*Provided entries*:

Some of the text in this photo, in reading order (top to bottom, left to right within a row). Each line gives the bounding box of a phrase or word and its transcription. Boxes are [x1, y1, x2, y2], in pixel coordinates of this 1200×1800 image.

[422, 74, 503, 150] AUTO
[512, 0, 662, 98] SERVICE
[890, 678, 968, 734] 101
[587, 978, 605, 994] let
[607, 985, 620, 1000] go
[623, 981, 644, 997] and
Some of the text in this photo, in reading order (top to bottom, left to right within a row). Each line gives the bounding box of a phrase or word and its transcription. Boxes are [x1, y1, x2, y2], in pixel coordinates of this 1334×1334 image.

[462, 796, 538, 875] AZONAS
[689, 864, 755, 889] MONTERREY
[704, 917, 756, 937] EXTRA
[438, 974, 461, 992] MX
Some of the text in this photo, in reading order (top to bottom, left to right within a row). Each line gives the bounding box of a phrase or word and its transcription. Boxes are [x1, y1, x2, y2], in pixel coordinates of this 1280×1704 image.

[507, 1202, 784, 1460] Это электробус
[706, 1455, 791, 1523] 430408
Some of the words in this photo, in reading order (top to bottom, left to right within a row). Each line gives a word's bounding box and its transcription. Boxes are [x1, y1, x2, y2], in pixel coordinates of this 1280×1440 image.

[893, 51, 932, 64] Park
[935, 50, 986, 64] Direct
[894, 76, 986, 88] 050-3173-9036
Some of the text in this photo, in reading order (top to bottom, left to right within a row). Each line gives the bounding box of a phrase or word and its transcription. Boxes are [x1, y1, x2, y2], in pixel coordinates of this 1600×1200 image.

*What you should do*:
Please return all of the entries shown above, exactly as they stand.

*Answer space*:
Some of the text in this photo, in reading order (top to bottom, left to right within a row). Each line gives the bounding box of a phrase or word and its transcription. Boxes are [x1, y1, x2, y2], in pixel coordinates of this 1200×1800 image.

[422, 74, 503, 150] AUTO
[512, 0, 662, 98] SERVICE
[890, 678, 968, 734] 101
[587, 978, 605, 994] let
[607, 985, 620, 1000] go
[623, 981, 644, 997] and
Some of the text in this photo, in reading order (top to bottom, left to right within a row). Each line gives the bounding box of a phrase or word and its transcription. Boxes are [x1, y1, x2, y2], in pixel coordinates of this 1334×1334 image.

[462, 796, 538, 875] AZONAS
[689, 864, 755, 889] MONTERREY
[704, 917, 756, 937] EXTRA
[438, 974, 461, 992] MX
Some of the text in this photo, in reading order (top to bottom, left to right within a row). Each line gives the bounding box of a phrase or word and its transcription. Boxes are [x1, y1, x2, y2], in pixel coordinates of this 1280×1704 image.

[507, 1202, 784, 1460] Это электробус
[706, 1455, 791, 1523] 430408
Some of the words in this photo, in reading order (top to bottom, left to right within a row). Each line gives a word's bounding box and its transcription. Boxes are [x1, y1, x2, y2], in pixel coordinates of this 1280×1440 image.

[893, 51, 932, 64] Park
[935, 50, 986, 64] Direct
[894, 76, 986, 88] 050-3173-9036
Some of the text in this photo, in reading order (top to bottom, left to right within a row). Each line gives the bounding box of a phrase or word and its transcription. Boxes are [x1, y1, x2, y2], in pixel coordinates of this 1600×1200 image.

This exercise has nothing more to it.